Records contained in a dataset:

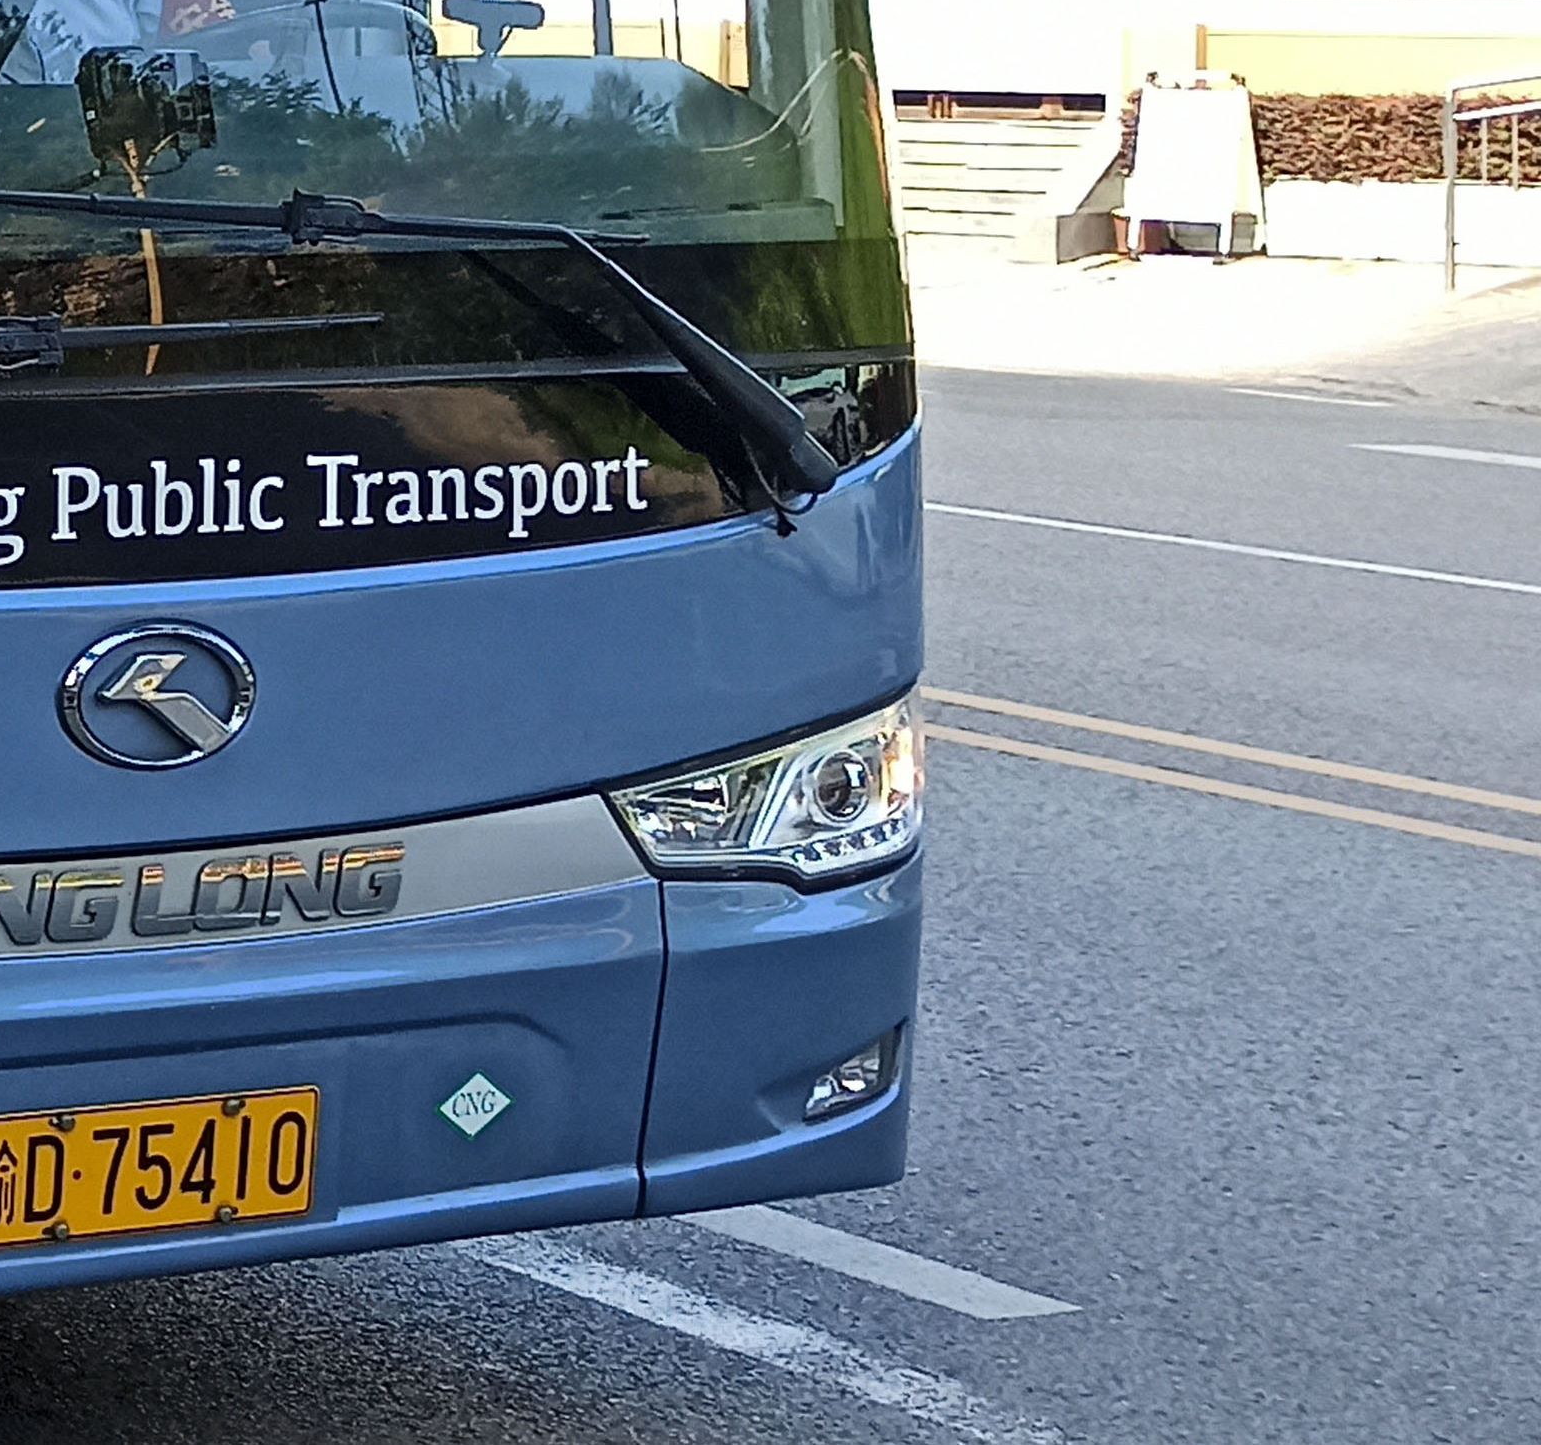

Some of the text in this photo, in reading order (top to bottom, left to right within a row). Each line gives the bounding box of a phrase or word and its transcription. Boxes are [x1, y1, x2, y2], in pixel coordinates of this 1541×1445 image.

[51, 457, 285, 541] Public
[305, 444, 650, 537] Transport
[130, 841, 405, 933] LONG
[452, 1090, 495, 1117] CNG

» **WORK INSTRUCTION**:
The entries should be reproduced word for word, pictures omitted.

» **EXPECTED OUTPUT**:
Some of the text in this photo, in reading order (top to bottom, left to right within a row). Each line gives the bounding box of a phrase or word and its transcription. Boxes are [x1, y1, x2, y2], in pixel coordinates of this 1541×1445 image.

[51, 457, 285, 541] Public
[305, 444, 650, 537] Transport
[130, 841, 405, 933] LONG
[452, 1090, 495, 1117] CNG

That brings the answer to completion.